A randomized, double‐blind, placebo‐controlled trial to evaluate the role of curcumin in prostate cancer patients with intermittent androgen deprivation

BACKGROUND: The anti-cancer activities of curcumin are well-documented from preclinical studies using prostate cancer models. Our objective was to evaluate the anti-cancer activity of oral curcumin in patients with prostate cancer. METHODS: This randomized, double-blind, placebo-controlled trial was performed on patients with prostate cancer who received intermittent androgen deprivation (IAD). Participants who finished the first on-treatment period of IAD were randomized into a curcumin or placebo group. The patients took oral curcumin (1440 mg/day) or placebo for six months and were followed up until the beginning of the second on-treatment. The primary end-point was duration of the first off-treatment. The secondary end-points were change in PSA and testosterone levels during 6 months, PSA progression rate, and health-related quality of life (HRQOL) scores at 6 months.

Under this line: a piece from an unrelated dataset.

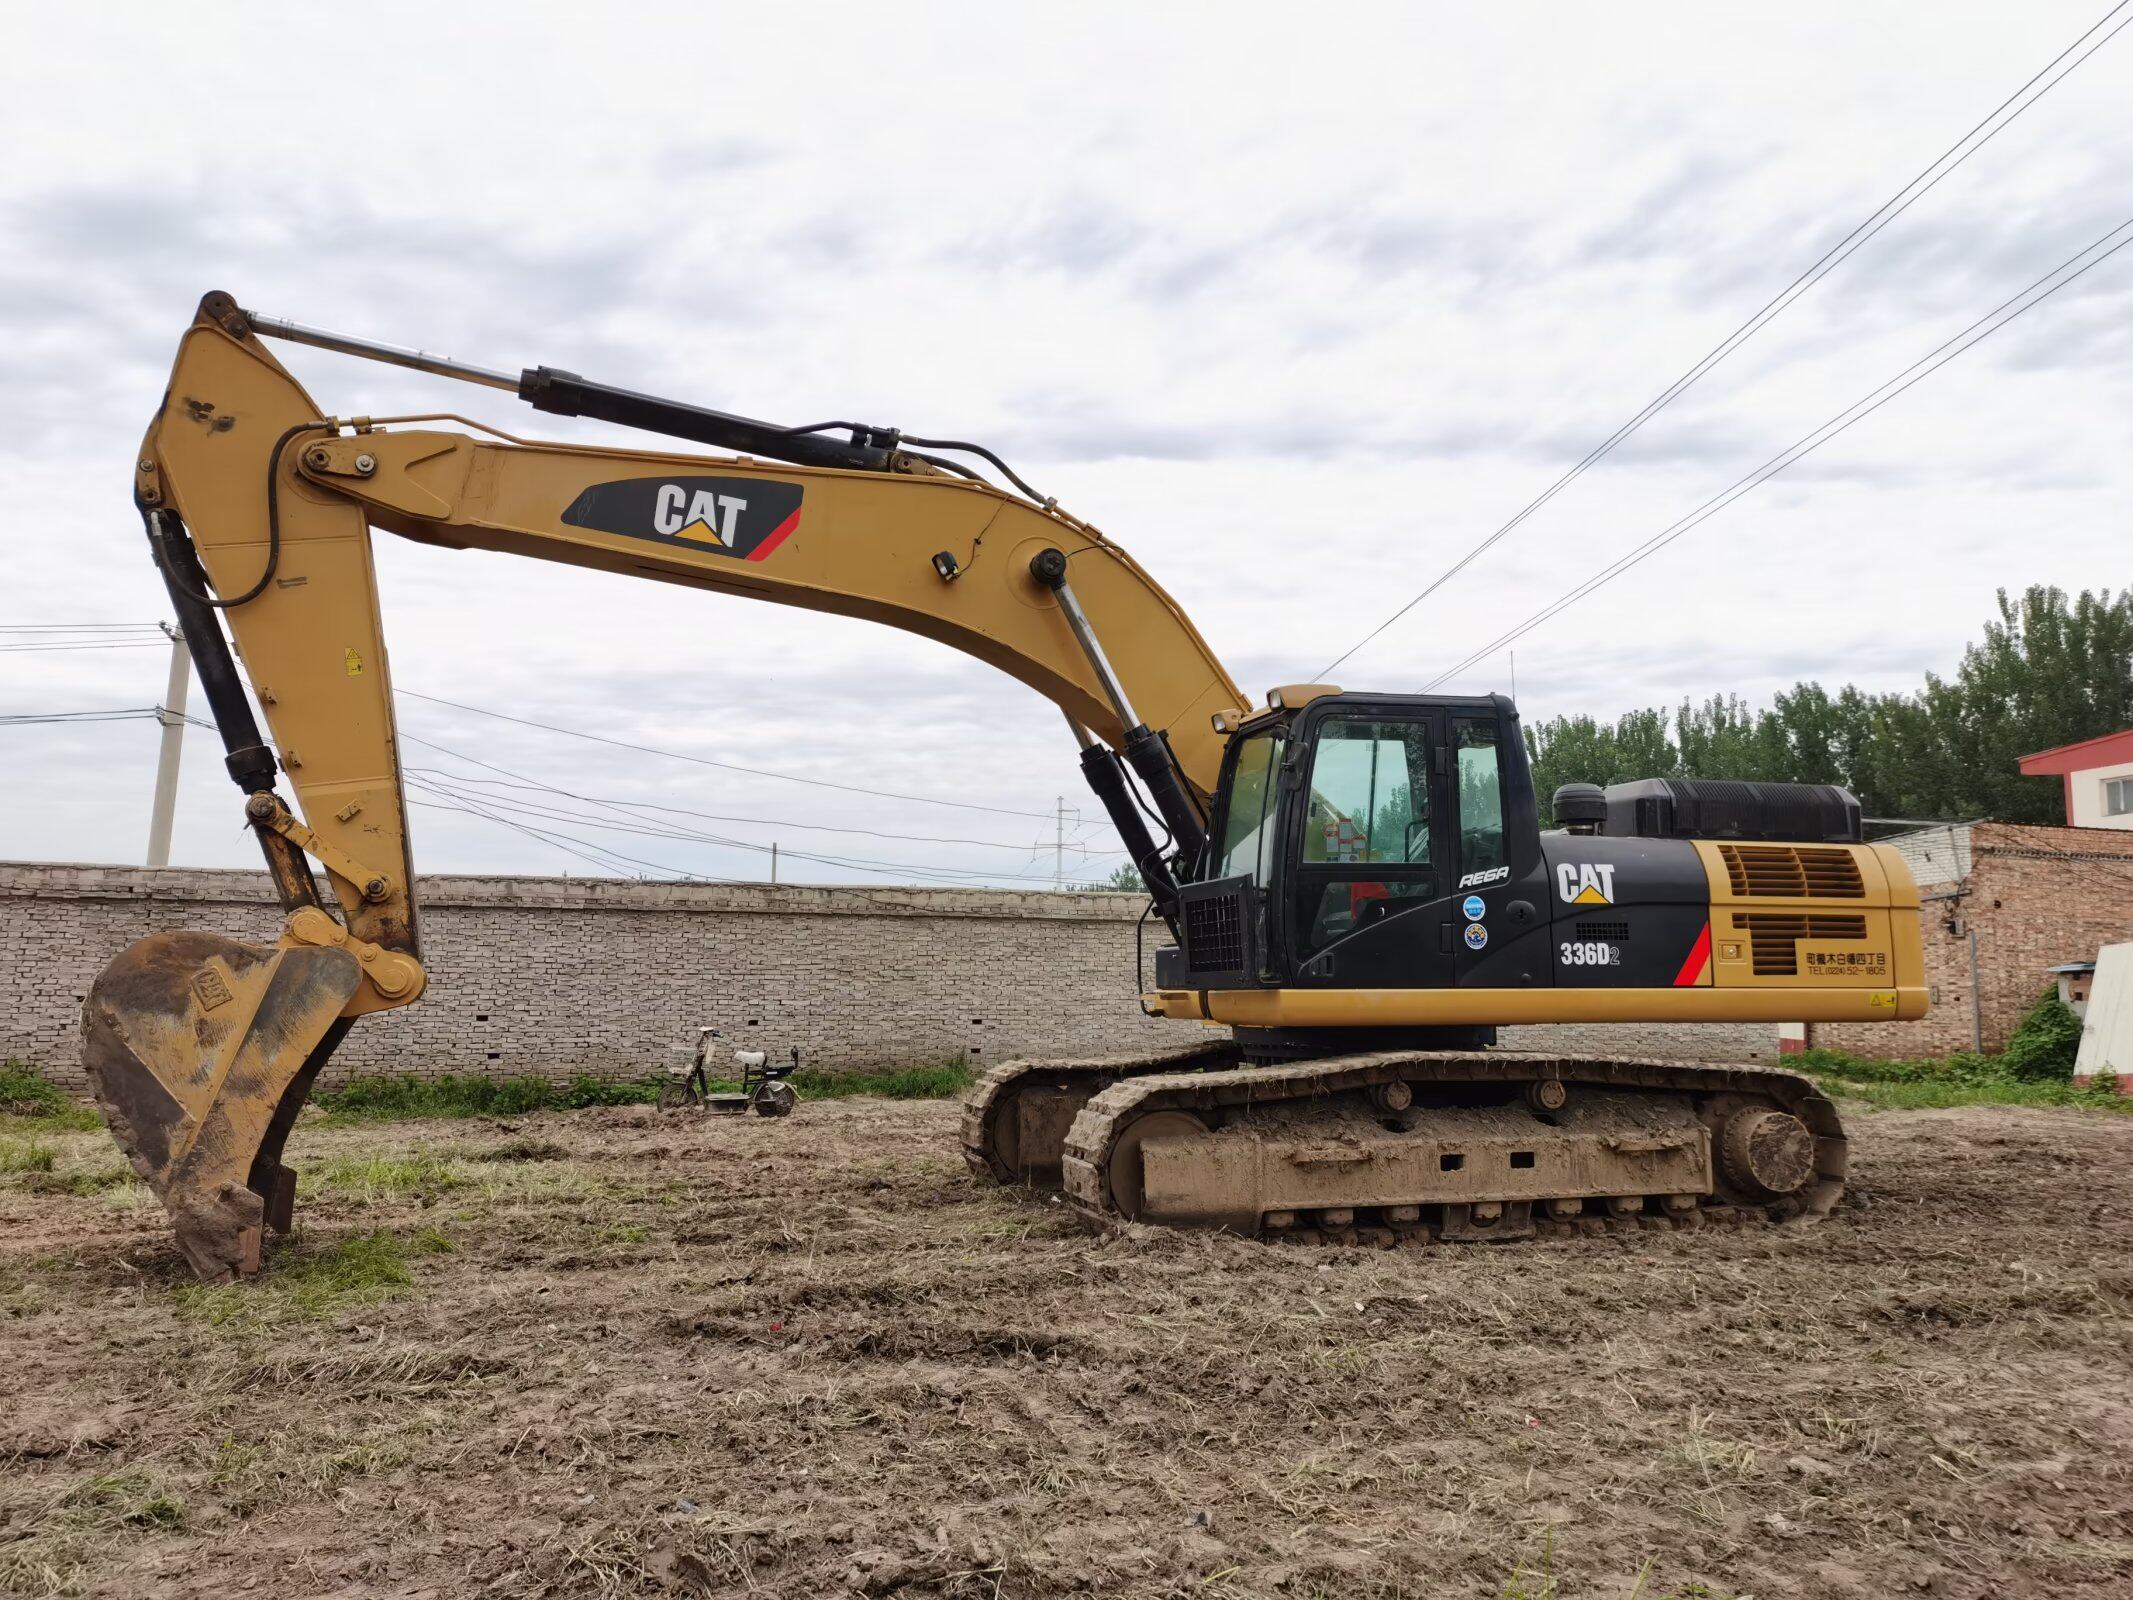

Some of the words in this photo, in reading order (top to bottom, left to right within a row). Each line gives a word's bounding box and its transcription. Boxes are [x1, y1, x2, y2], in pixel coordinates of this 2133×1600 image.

Safety assessments included adverse event, adverse drug reaction, and serious adverse event. RESULTS: A total of 97 participants were randomized 1:1 to curcumin (n = 49) and placebo (n = 48) groups. Among them, 82 patients (84.5%) were evaluable for the analysis (39 and 43 patients in the curcumin and placebo groups, respectively). The median off-treatment duration was 16.3 months (95% confidence interval [CI] 12.3-20.3 months) and 18.5 months (95% CI 12.5-23.0 months) in the curcumin and placebo groups, respectively. There was no significant difference in the curve of off-treatment duration between the two groups (P = 0.4816). The proportion of patients with PSA progression during the active curcumin treatment period (6 months) was significantly lower in the curcumin group than the placebo group (10.3% vs 30.2%, P = 0.0259). The change of PSA, testosterone levels during 6 months, and HRQOL scores at 6 months were not different between curcumin and placebo groups. Adverse events were higher in the placebo group (16 of 46 vs 7 of 45 patients, P = 0.0349). No significant differences in the adverse drug reaction were found between the two groups. CONCLUSIONS: Six months' intake of oral curcumin did not significantly affect the overall off-treatment duration of IAD. However, PSA elevation was suppressed with curcumin intake during the curcumin administration period. Curcumin at this dose was well tolerated and safe.